La voz entrecortada iba y venía en oleadas.

― ¿Quién es?
― Cariño, quiero que me escuches con atención…

La voz le era muy familiar y no tardó en identificar a su madre, fallecida cuando él era aún muy joven. Se le formó un nudo en la garganta y el corazón vibraba en su pecho.

― ¿Mamaaa?... pero… no puede ser… Se negaba a creerlo.
― Mire, no tiene ninguna gracia. No tiene otra… 
― ¡Escúchame bien! le interrumpió.

La comunicación agonizaba. Era como si una niebla eléctrica quisiera apagar la voz de la mujer.

― Ve a la habitación 202 del Hotel Berlanga. Hay algo para ti.

El ruido eléctrico se intensificó. Las últimas palabras de la mujer se desvanecieron en un susurro y la llamada se cortó.
Juan no daba crédito. Sentimientos de incredulidad, temor y nostalgia formaban una argamasa difícil de digerir.
Aquella noche no dejaba de pensar en la llamada y cuando logró dormirse, imágenes de sus padres aparecieron en sus sueños. También una habitación desconocida, él indefenso en la oscuridad y sin poder salir.
Ojeroso y cansado desayunó y cogió la guía telefónica para buscar el hotel. No lo encontró. 

― Quizás en una hemeroteca tenga suerte… 

En el mostrador de la biblioteca, un hombre entrado en años leía tranquilo un libro en espera de algún usuario.

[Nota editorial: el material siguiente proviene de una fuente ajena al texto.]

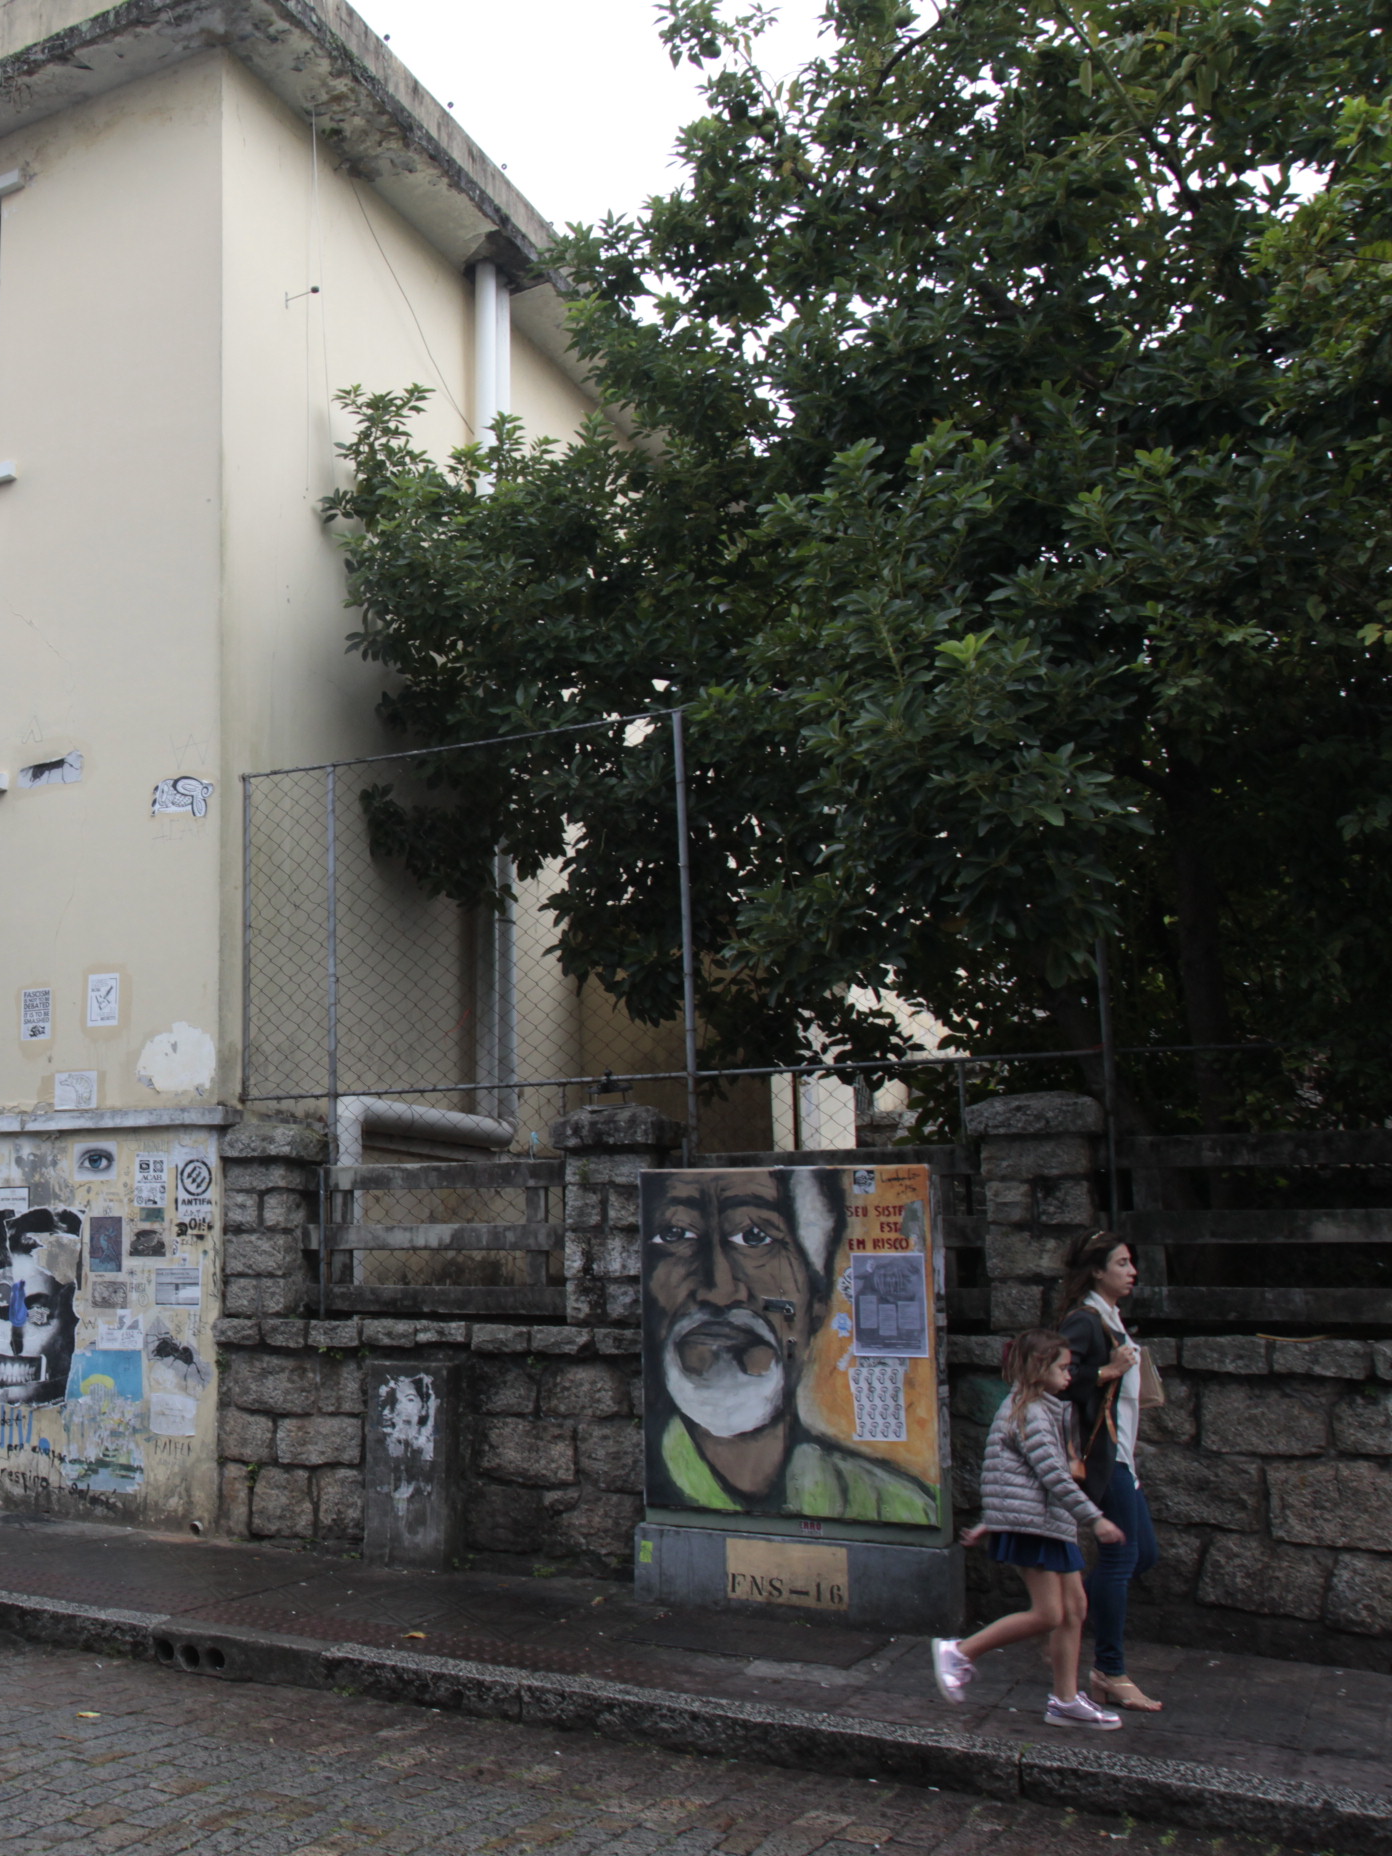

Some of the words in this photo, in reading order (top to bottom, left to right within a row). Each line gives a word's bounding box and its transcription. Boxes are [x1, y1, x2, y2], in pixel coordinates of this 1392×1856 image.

[24, 990, 50, 998] FASCISM
[24, 1002, 50, 1010] DEBATED
[181, 1198, 213, 1206] ANTIFA
[846, 1205, 868, 1217] SEU
[874, 1205, 906, 1217] SISTE
[880, 1222, 902, 1233] EST
[848, 1239, 866, 1250] EM
[872, 1238, 909, 1250] RISCO

― Perdone, dónde podría buscar información sobre un antiguo hotel de la ciudad. En la guía telefónica no aparece.

― ¿Qué hotel busca?
― Hotel “Berlanga”.
― Había un hotel con ese nombre en la calle “Espejo” pero lo reformaron hace bastantes años y ahora se llama Hotel “Buñuel”. Lo conozco porque vivo cerca.

― Gracias. Me ha ahorrado mucho tiempo.
― De nada hombre. Vaya usted con Dios.

Partió hacia el hotel impaciente con una mueca de risa por el último comentario del bibliotecario.

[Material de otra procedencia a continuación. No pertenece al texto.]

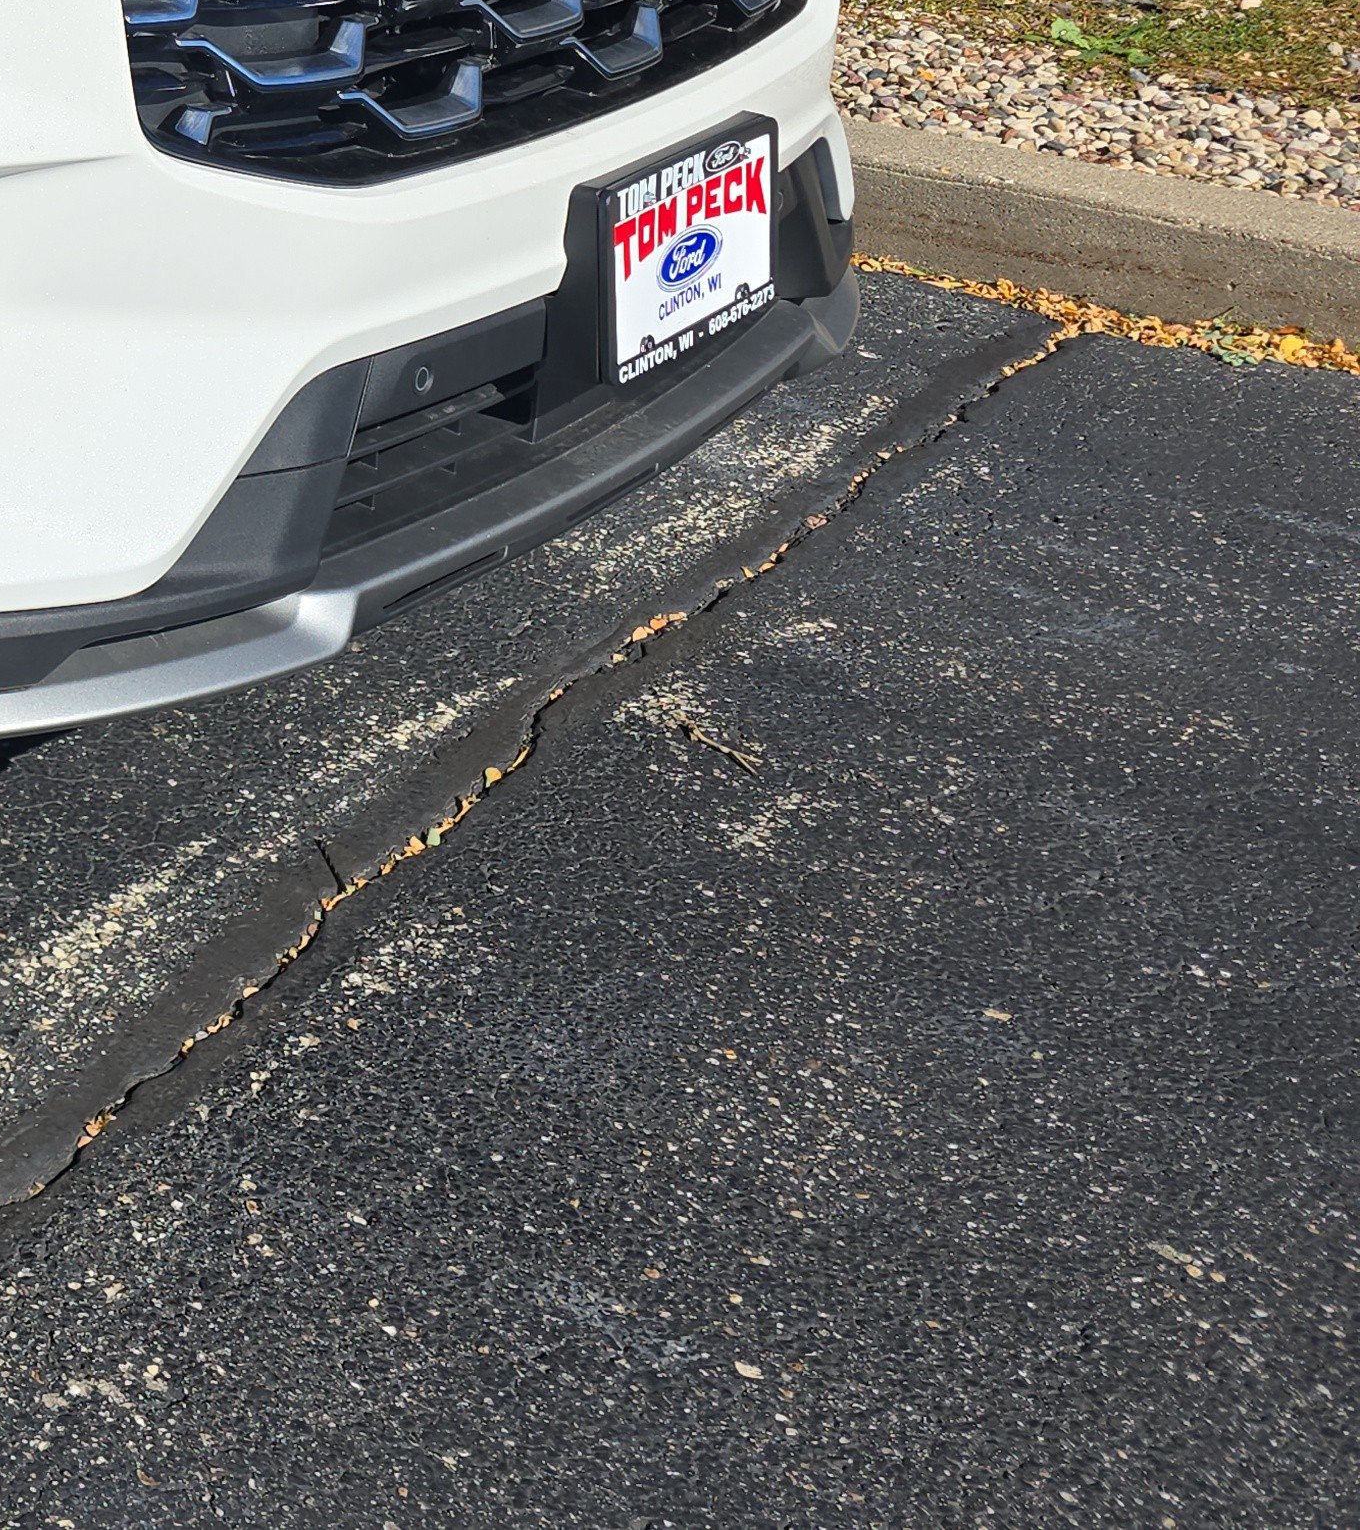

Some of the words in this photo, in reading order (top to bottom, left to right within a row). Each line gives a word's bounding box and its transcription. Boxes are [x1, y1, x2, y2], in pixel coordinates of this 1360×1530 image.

[617, 172, 658, 221] TOM
[661, 150, 707, 203] PECK
[613, 196, 678, 282] TOM
[686, 155, 767, 228] PECK
[658, 281, 705, 321] CLINTON,
[707, 273, 722, 293] WI
[618, 341, 678, 385] CLINTON,
[678, 330, 694, 353] WI

La fachada, descuidada, lucía desconchones y churretes de óxido y polvo.

― Buenos días. Quisiera una habitación.

El recepcionista se volvió hacia el panel de llaves un instante.

― Está de suerte. Todas disponibles para usted. ¿Cuál quiere? Dijo sonriente.
― Temporada baja ¿verdad? Deme la 202.

El semblante del recepcionista se ensombreció y quedó en silencio durante unos segundos.

― ¿No prefiere otra? La 202 está en el ático. No tenemos ascensor y en esta planta es más probable que le molesten por el trasiego de gente. Le recomiendo la primera planta.

Juan pensó que estaba de broma. Viendo el panorama no parecía que nadie fuera a aparecer por ese antro.

― Deme la 202. No me importa subir escaleras. Quiero tranquilidad.
― Un momento por favor. 

El recepcionista se dirigió al despacho del gerente y éste apareció acto seguido. De aspecto desaliñado, a juego con el hotel, se dirigió al mostrador. 

― Buenos días. Mi empleado me dice que quiere usted la habitación 202. Disculpe, pero no está acondicionada para una estancia y ...
― ¡No me hagan perder más el tiempo! Le endosó en tono cortante.
― Creo que con esto zanjamos el asunto. 

Dejó caer un billete de mil pesetas sobre el mostrador.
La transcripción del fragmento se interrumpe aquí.